One
problem that keeps coming up when I look at what is happening today in online
education is the notion of “interactivity.” Every course online is advertised as being “interactive.”
So, I began to wonder what the word meant.
The
word has been used with respect to toys for a long time. A toy helicopter that
a kid can fly is described as interactive. LEGO has an interactive division
which means it is producing video games. Why aren’t LEGOs themselves
interactive? Kids certainly interact with them. The Smithsonian has an
interactive dinosaur dig.
In
fact, according to Timeout Magazine, New York City has nine good interactive
museums:
These
include the Museum of Sex which certainly leaves one wondering even more about
interactivity.
Interactivity
is a term used in education constantly. Here is a you tube from a German
company on interactive learning via interactive whiteboards:
So
interactive must be pretty good stuff. Everyone wants what they produce to be
interactive and education should certainly be interactive.
Here
is Wikipedia’s definition of Interactive courses:
The term interactive course typically describes material of an educational
nature delivered in a format which allows the user to directly impact the
materials' content, pace, and out-come. Interactive, as defined by Merriam-Webster online
dictionary, is "involving the actions or input of a user"[1]

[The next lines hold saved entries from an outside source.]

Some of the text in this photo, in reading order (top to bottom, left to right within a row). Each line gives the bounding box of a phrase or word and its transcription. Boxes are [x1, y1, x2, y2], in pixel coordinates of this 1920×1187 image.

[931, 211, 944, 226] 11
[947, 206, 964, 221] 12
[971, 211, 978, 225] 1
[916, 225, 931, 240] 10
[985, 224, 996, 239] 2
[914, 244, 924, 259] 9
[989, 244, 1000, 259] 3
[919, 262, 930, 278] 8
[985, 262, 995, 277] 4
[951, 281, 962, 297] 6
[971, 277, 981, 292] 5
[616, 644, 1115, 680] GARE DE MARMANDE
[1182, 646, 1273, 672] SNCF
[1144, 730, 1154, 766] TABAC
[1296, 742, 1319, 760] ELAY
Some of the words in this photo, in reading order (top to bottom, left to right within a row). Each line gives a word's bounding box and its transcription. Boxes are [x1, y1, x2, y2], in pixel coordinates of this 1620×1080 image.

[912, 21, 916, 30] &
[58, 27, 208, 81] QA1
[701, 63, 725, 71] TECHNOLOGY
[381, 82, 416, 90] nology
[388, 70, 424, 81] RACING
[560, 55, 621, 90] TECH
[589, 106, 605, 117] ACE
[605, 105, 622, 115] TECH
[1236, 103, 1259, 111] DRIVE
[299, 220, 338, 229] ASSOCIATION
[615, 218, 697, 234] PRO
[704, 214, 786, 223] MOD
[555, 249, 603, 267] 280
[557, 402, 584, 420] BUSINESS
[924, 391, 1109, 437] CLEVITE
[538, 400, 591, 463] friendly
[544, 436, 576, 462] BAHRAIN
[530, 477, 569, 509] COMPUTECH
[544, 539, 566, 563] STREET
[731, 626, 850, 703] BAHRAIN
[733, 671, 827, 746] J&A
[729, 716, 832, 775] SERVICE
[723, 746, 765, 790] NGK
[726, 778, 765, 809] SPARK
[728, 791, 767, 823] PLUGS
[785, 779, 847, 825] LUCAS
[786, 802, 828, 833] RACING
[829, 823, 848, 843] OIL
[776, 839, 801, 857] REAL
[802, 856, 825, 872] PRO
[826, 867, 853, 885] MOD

An example of such material would
be a computer based presentation requiring a user to select the correct answer
to a give question before proceeding to the next topic.

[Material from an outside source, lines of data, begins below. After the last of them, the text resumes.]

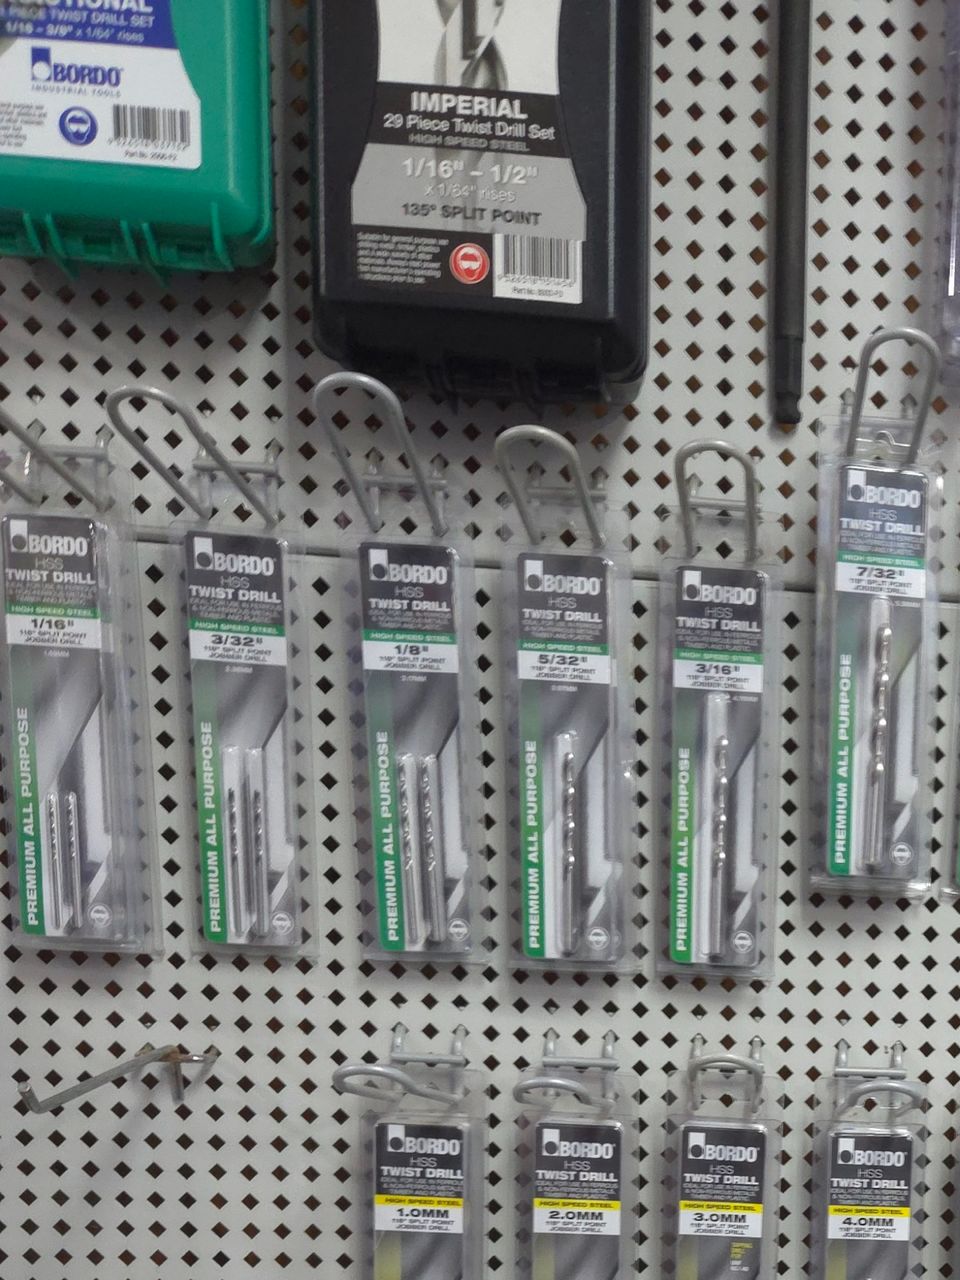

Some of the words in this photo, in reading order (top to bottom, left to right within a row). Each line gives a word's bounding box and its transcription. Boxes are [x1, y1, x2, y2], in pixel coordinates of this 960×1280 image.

[53, 63, 121, 86] BORDO
[411, 91, 528, 119] IMPERIAL
[383, 114, 402, 128] 29
[406, 115, 449, 131] Piece
[453, 118, 492, 135] Twist
[495, 122, 526, 137] Drill
[528, 124, 555, 139] Set
[441, 204, 487, 220] SPLIT
[492, 208, 542, 225] POINT
[865, 488, 921, 508] BORDO
[29, 535, 88, 556] BORDO
[214, 553, 275, 576] BORDO
[388, 564, 448, 584] BORDO
[6, 568, 49, 582] TWIST
[53, 571, 96, 584] DRILL
[543, 575, 601, 595] BORDO
[17, 707, 32, 798] PURPOSE
[25, 803, 35, 836] ALL
[25, 841, 39, 926] PREMIUM
[404, 1137, 460, 1156] BORDO
[558, 1141, 613, 1159] BORDO
[704, 1145, 757, 1162] BORDO
[854, 1150, 905, 1167] BORDO
[381, 1166, 420, 1177] TWIST
[425, 1168, 464, 1179] DRILL
[397, 1208, 449, 1219] 1.0MM
[548, 1210, 604, 1221] 2.0MM
[694, 1213, 747, 1223] 3.0MM
[842, 1217, 894, 1227] 4.0MM

These types of courses are almost
always computer based and most likely to be delivered to the user thru the
internet. Due to their convenient delivery, availability and almost endless
subject matter, interactive courses have become a major tool for those seeking
to provide as well as those seeking to obtain education, training or
certification in a given area of study.
With growing access and
availability to computers and the internet, many schools, universities,
businesses and government agencies are turning to interactive courses to train
and educate their students and staff.
So, if you
get to determine which page comes next, your course is interactive apparently.

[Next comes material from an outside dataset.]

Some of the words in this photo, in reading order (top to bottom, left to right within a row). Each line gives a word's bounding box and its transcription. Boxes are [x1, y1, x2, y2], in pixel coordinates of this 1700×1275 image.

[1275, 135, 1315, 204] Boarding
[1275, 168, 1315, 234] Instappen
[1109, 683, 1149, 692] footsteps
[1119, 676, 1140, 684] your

Harvard and MIT seem to agree with that definition but they have added some new
kinds of interaction:
Harvard and MIT have just announced a $60 million partnership
that will put many of their classes online for free starting this fall. The EdX
program is an expansion of MITx,
which began teaching its first interactive online course in March. MIT has long
offered material online through the OpenCourseWare project, but it describes
EdX as a more interactive experience, with online discussion groups,
collaborative course wikis, and other tools that move beyond simply reading or
watching video. As with MITx, students who complete EdX courses can receive a
certificate, albeit not one from Harvard or MIT.
Online
discussion is also interaction, but with whom exactly? Not the teacher for EdX.
I like this
advice I found on how to Create Interactive E-Learning from:
http://www.articulate.com/rapid-elearning/how-to-create-interactive-e-learning/
In this first
example, we could just create four screens and have the learner go through them
in order. But instead we give them the freedom to select a tab. This does two
things: it lets them touch the screen and they get to choose what they want to
review. It’s simple, but it’s an easy way to convert your click-and-read
content to something more interactive.
Interactivity
then, in online education, seems to mean that the student does something other
than sit quietly, maybe pushing a button every now and again.
Now lets
think about what interactivity actually means in education.
1.
Lectures:
there isn’t any. You might get to ask a question. That’s it.
2.
Small
classrooms: there can be. A good teacher allows students to argue and debate
ideas. But typically, there is lesson to be gotten through and these debates,
while fun, rarely deter the teacher from the intended lesson.
3.
Seminars:
good seminars are highly interactive, but it does depend on the teacher’s
goals. If the goal is to get students to think clearly and defend their arguments,
then a case can be made for the idea that not only is this actual interactivity
but it is the interaction that is actually the point of the lesson.
4.
Projects:
it seems kind of silly to call a project (maybe worked on by a group of
students) interactive, because what else could it be? The students are doing
something and producing that something is the goal. No one is faking
interactivity.
My conclusion
from all this is that when you hear the word interactive -- run. Interactive has become a meaningless word meant to convey its exact
opposite. Interactive means the lesson
will proceed as it usually does with the teacher teaching the lesson. But there
will be the pretense that the student is doing something when he or she is, in
fact, yet again an unwilling cog in the education machine, but this time the
student may get to press a button.
As I have
said many times: Learning is a conversation. The goal of one of the participants
in this conversation may or may not be to teach. But at least one of the participants
needs to have learning as their goal. A conversation which is just meant to
pass the time is interactive as well but learning is not its intended consequence.
Interactivity
in education should mean something, but its doesn’t anymore. What interactivity
should mean is that a student in pursuit of a goal has someone or something that
can help him or her achieve that goal. That is the definition of interactivity.